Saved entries
────────

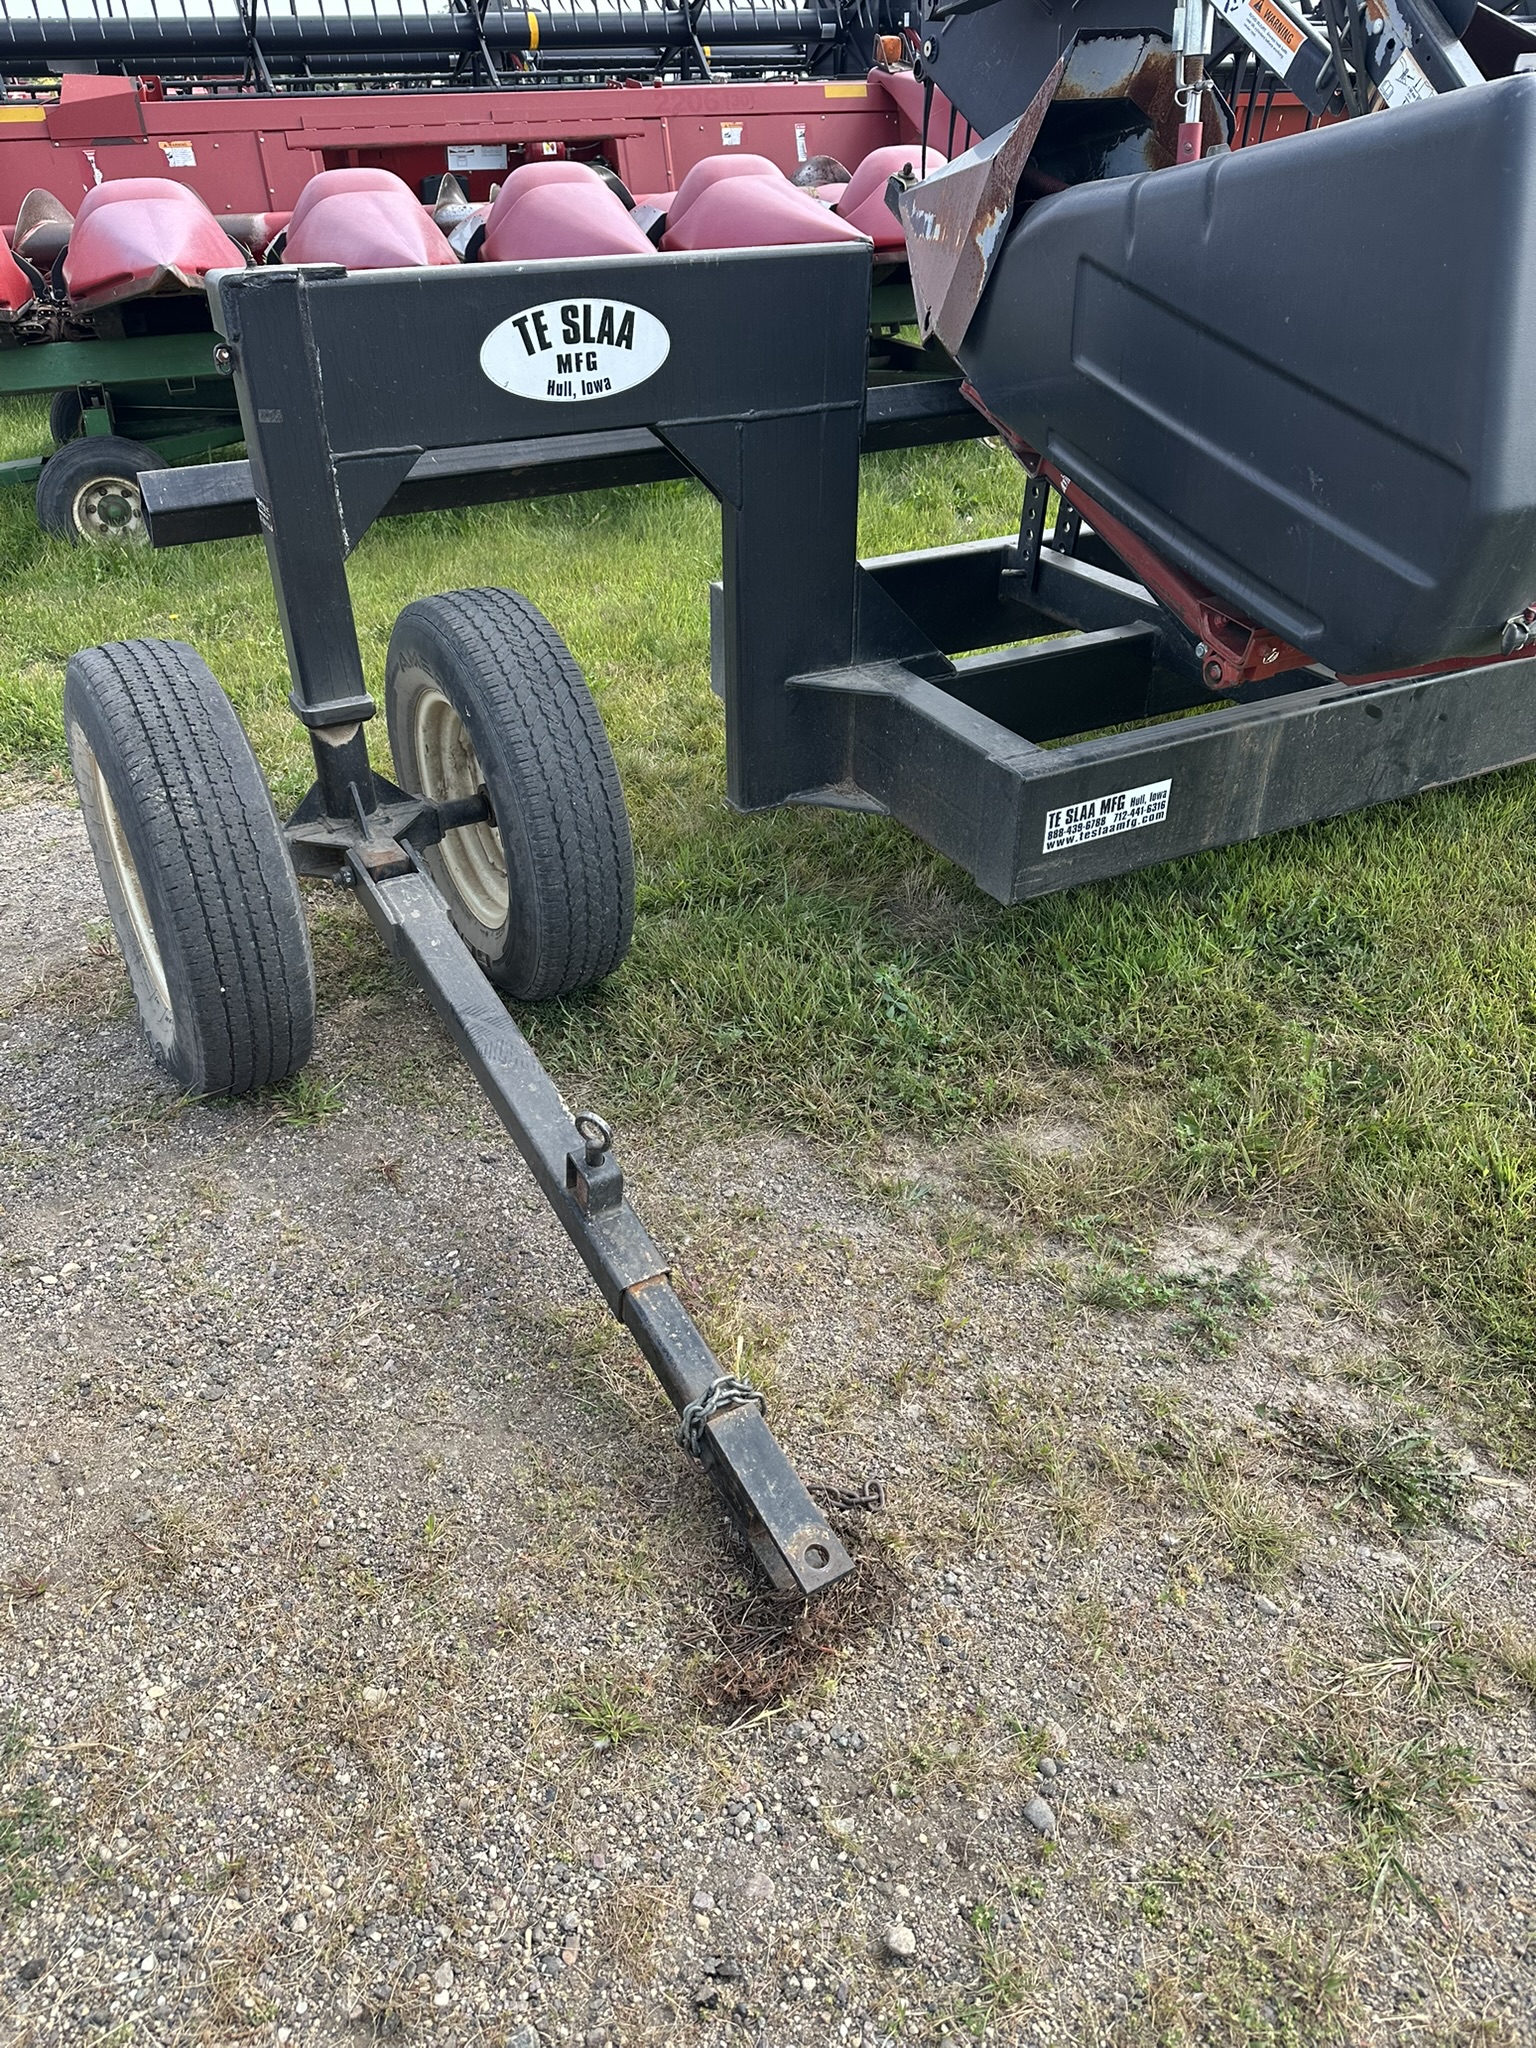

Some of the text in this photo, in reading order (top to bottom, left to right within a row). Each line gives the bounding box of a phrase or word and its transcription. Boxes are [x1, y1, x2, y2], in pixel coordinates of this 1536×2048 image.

[1263, 8, 1294, 44] WARNING
[512, 304, 636, 356] TE SLAA
[556, 351, 598, 374] MFG
[547, 377, 612, 399] Hull, Iowa
[1047, 800, 1166, 841] 888-439-6788 712-441-6316
[1048, 789, 1167, 829] TE SLAA MFG Hull, Iowa
[1046, 810, 1165, 848] www.teslaamfg.com

────────

Output the data above in full. Skip every picture.

Some of the text in this photo, in reading order (top to bottom, left to right within a row). Each line gives the bounding box of a phrase or word and its transcription. Boxes are [x1, y1, x2, y2], in pixel coordinates of this 1536×2048 image.

[1263, 8, 1294, 44] WARNING
[512, 304, 636, 356] TE SLAA
[556, 351, 598, 374] MFG
[547, 377, 612, 399] Hull, Iowa
[1047, 800, 1166, 841] 888-439-6788 712-441-6316
[1048, 789, 1167, 829] TE SLAA MFG Hull, Iowa
[1046, 810, 1165, 848] www.teslaamfg.com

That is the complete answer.